In order to catch a car trying to pass through the side of 0, the mounting position must be selected so that good visibility can be provided along the side of the car. The locations 734, 736 and 730 can each provide sufficient visibility for this application, but the space in the vicinity of the car is not imaged. Alternative locations include mounting the unit on the outer rearview mirror or on the rear window or C-pillar. However, when mounted on a mirror, the disadvantage is that the device is covered with ice, snow or dust.

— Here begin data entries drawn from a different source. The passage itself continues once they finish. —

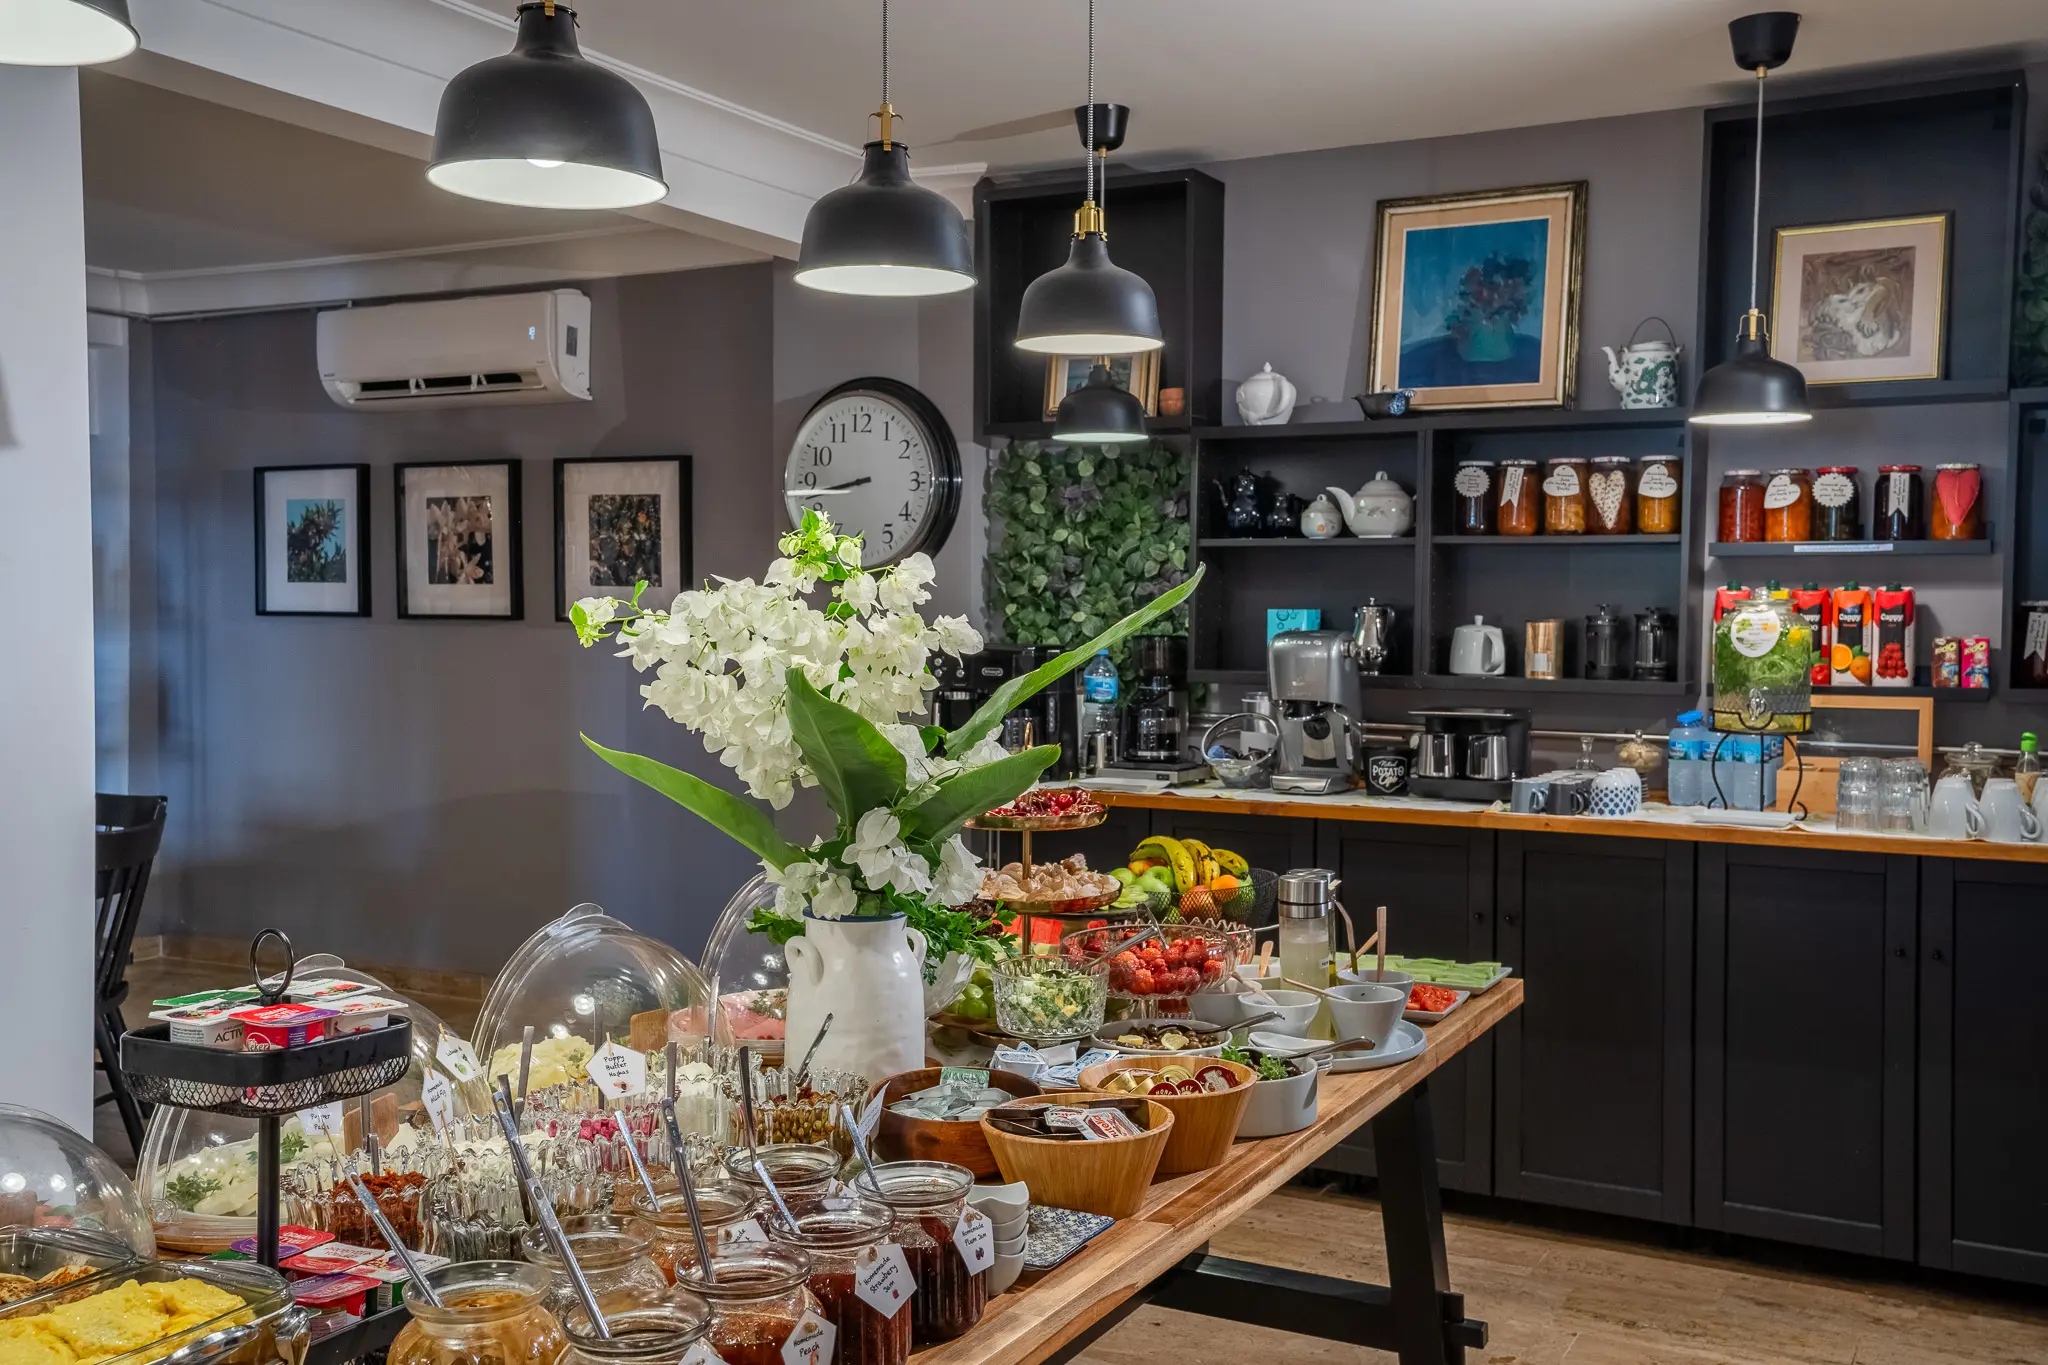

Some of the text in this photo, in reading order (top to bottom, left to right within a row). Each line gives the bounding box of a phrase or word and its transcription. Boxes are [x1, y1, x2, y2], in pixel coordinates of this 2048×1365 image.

[851, 413, 872, 433] 12
[831, 423, 847, 443] 11
[883, 421, 891, 441] 1
[812, 446, 832, 466] 10
[898, 440, 910, 459] 2
[804, 472, 817, 489] 9
[909, 471, 921, 491] 3
[898, 501, 912, 521] 4
[882, 524, 893, 544] 5
[1800, 614, 1820, 622] appy
[1839, 613, 1861, 622] Cappy
[1880, 613, 1904, 622] Cappy
[1372, 765, 1404, 776] POTATO
[214, 1028, 243, 1043] ACTIV
[603, 1055, 625, 1063] Poppy
[605, 1062, 627, 1070] Butter
[1178, 1085, 1194, 1094] ONEY
[962, 1223, 984, 1237] Homemade
[964, 1237, 977, 1247] Plum
[863, 1256, 891, 1286] Homemade
[883, 1280, 895, 1293] Jam
[793, 1329, 824, 1348] Homemade
[799, 1342, 820, 1357] Peach

In both the case of the predictive sensor and the blind spot detector, the infrared transmitter and the CCD array system provide image information primarily for recognizing objects near the vehicle 710. To complete this process, distance information as well as velocity information is also required, which is usually obtained by differentiating position data. This can be achieved by any of the methods described above as well as radar systems. Although radar systems are not suitable for use inside vehicles, they are commonly used for sensing applications outside vehicles and are a well-known example of police radar. Currently, small radar systems are available that are inexpensive and fit into limited space. Another advantage of radar in this application is that
It is easy to obtain a transmitter with the desired divergence angle, so that the device does not have to be aimed at the target. In these cases, the best embodiment of the invention is to use radar, and the sub-optimal method is to use a pulsed GaAs laser system with a CCD array. However, using two CCD arrays or acoustic systems is also a good choice. Both acoustic systems and stereo systems using two CCD arrays have the disadvantage that they are slower than GaAs devices, and also have additional acoustic systems outside the vehicle, where deposits can accumulate and be affected on the working surface. That is something that must be done.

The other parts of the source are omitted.